INSTRUCTIONS FOR THE TASK — Please return, word for word, the line containing "Some of the text" and each line after it through the end of the data below, and nothing else.

· · ·

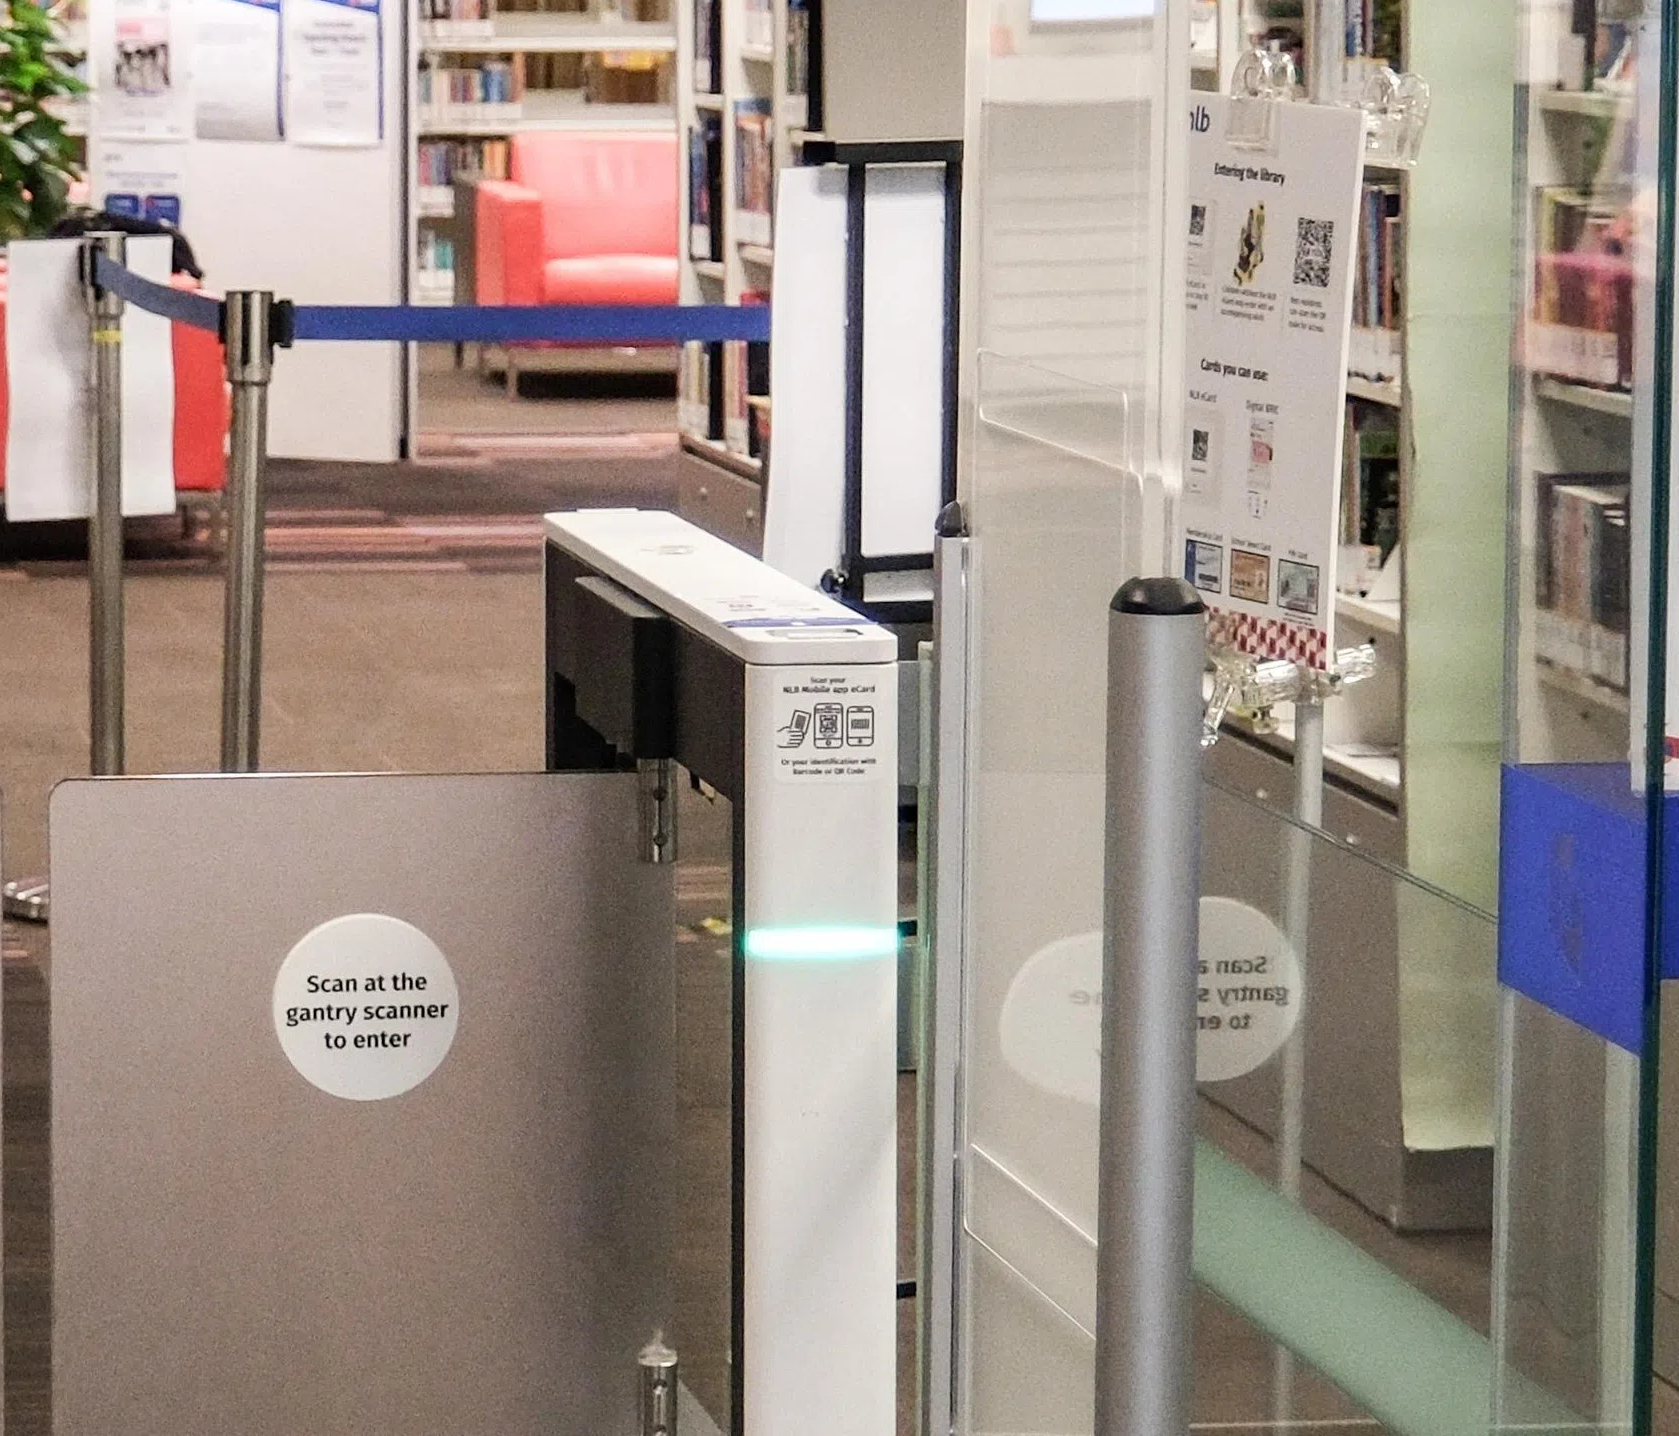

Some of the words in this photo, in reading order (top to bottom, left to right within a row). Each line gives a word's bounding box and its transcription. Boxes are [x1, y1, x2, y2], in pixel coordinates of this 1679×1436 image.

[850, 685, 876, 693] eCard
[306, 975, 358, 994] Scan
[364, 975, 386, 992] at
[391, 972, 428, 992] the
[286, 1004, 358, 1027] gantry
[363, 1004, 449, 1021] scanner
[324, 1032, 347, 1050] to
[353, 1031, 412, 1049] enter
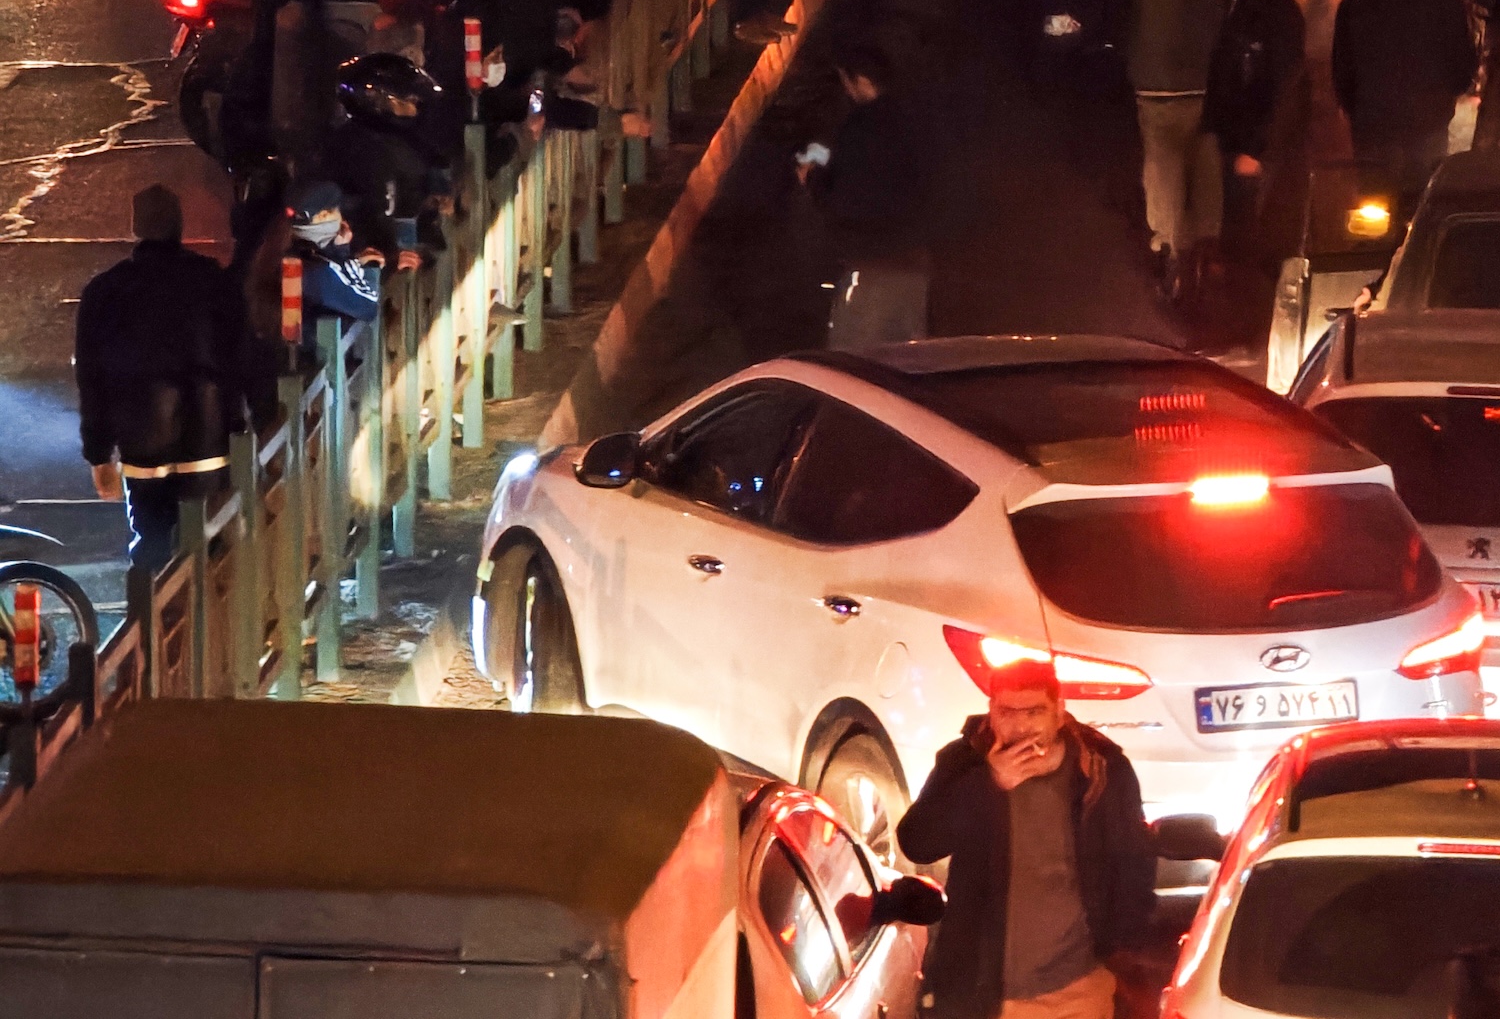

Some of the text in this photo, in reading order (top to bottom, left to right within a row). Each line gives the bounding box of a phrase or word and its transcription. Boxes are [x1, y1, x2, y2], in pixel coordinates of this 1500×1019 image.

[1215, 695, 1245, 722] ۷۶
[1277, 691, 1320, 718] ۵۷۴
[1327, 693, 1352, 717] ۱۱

· · ·

SOLUTION FOR THIS PROBLEM —
Some of the text in this photo, in reading order (top to bottom, left to right within a row). Each line gives the bounding box of a phrase or word and its transcription. Boxes are [x1, y1, x2, y2], in pixel coordinates of this 1500×1019 image.

[1215, 695, 1245, 722] ۷۶
[1277, 691, 1320, 718] ۵۷۴
[1327, 693, 1352, 717] ۱۱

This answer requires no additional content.